France's very first therapy dog joins Institut Curie's treatment team as a full-time member

Institut Curie is rolling out an innovative canine therapy scheme to support health professionals and patients receiving care at Institut Curie. This is the first time a French hospital has recruited a dog to join a care unit on a full-time basis. A soothing, supportive presence for health professionals and patients, with effects due to be assessed in a study known as M-KDOG.

Four legs, a wet nose, droopy ears and a smart harness: the hospital’s newest recruit is unusual to say the least. Snoopy is an English setter who was adopted from the SPA animal rescue center. At the tender age of two, his Institut Curie on-boarding began last December.
 

Part of a health professional and patient well-being study, Snoopy’s job involves helping patients relax in waiting rooms and consultations (especially those who have trouble communicating) and spending time with patients in the lead-up to anxiety-inducing forms of treatment. Snoopy is currently learning a whole new skill-set, including lying down in front of patients and putting his paws on the bed. Having him in the break room will hopefully bring health professionals a breath of fresh air during their day, and lighten their emotional loads.

 

We’re confident that a therapy dog can bring so much to patients when they don’t want to talk, when they’re anxious, and especially for children and teens. For our healthcare teams, this is a wonderful way of lightening the load.
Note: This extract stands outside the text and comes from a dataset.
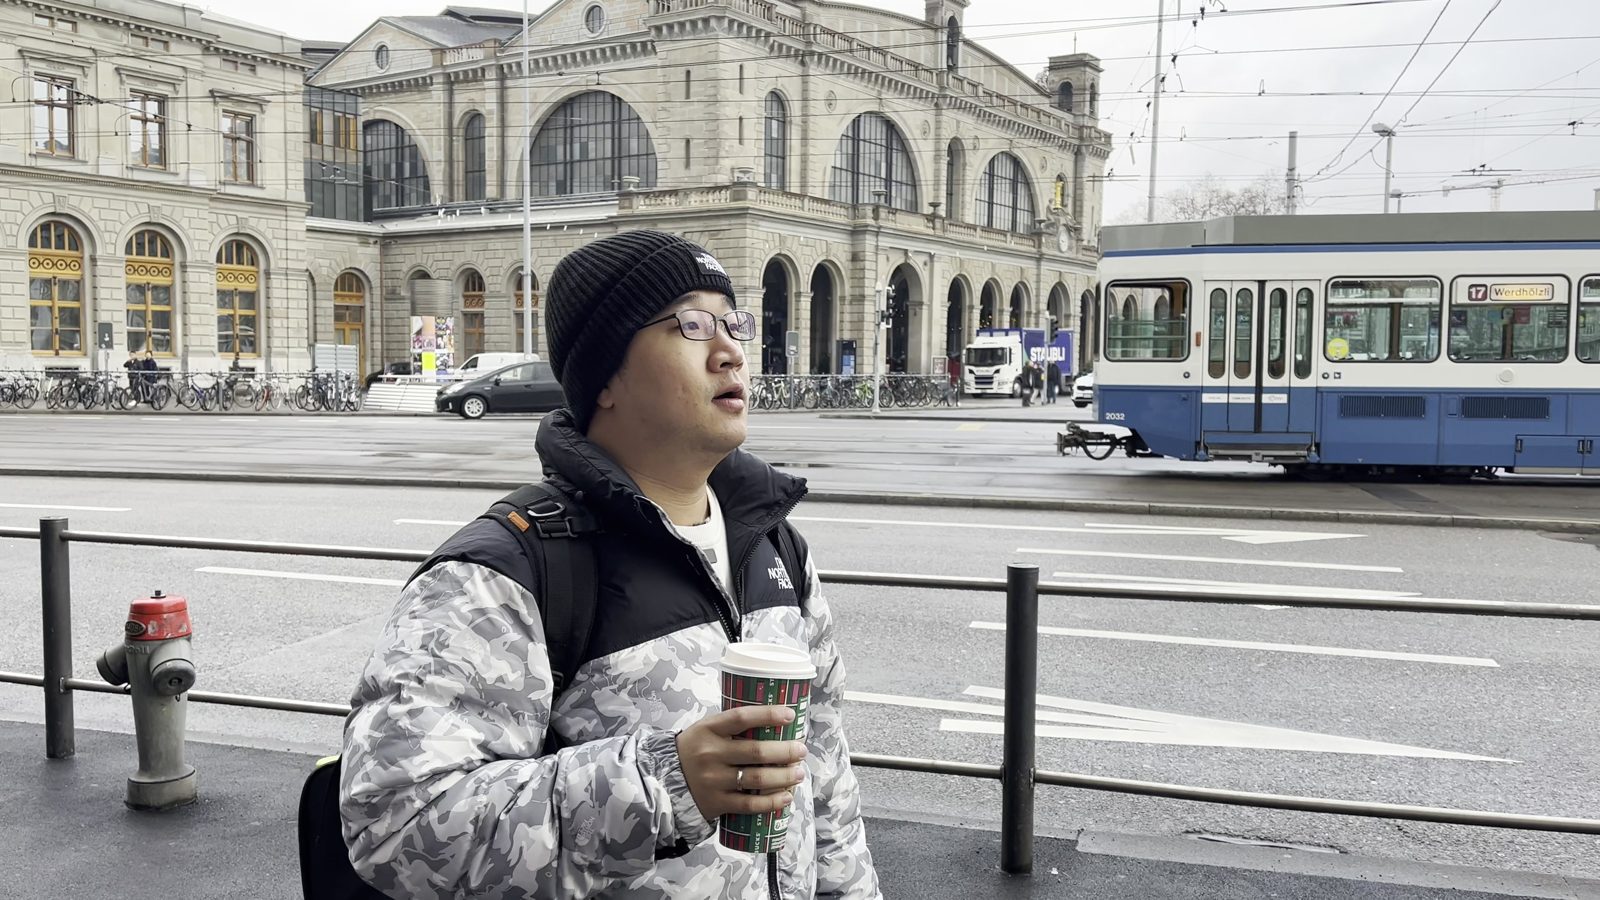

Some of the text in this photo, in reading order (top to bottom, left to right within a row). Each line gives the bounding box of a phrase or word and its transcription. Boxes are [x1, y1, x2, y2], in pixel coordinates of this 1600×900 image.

[1469, 287, 1550, 299] 17 Werdhölzli
[1105, 412, 1125, 420] 2032
We hope the findings to come out of this ground-breaking Institut Curie study will be positive and benefit patients and health professionals alike, paving the way for other bodies to move in this direction, notes Prof. Steven Le Gouill, Director of the Hospital Group. 

 

 

A study designed to assess how Snoopy helps

Illustration_Snoopy

 

Snoopy was adopted as part of a study on the benefits of emotional support dogs in hospitals, to be rolled out across three Institut Curie teams: the medical oncology day hospital, the support care team, and the medical oncology hospitalization team. It sets out to analyze well-being in the workplace as experienced

by the health professionals who have contact with the dog, and to assess how Snoopy impacts on patients’ and families’ communication, stress levels, and anxiety, as perceived by healthcare staff.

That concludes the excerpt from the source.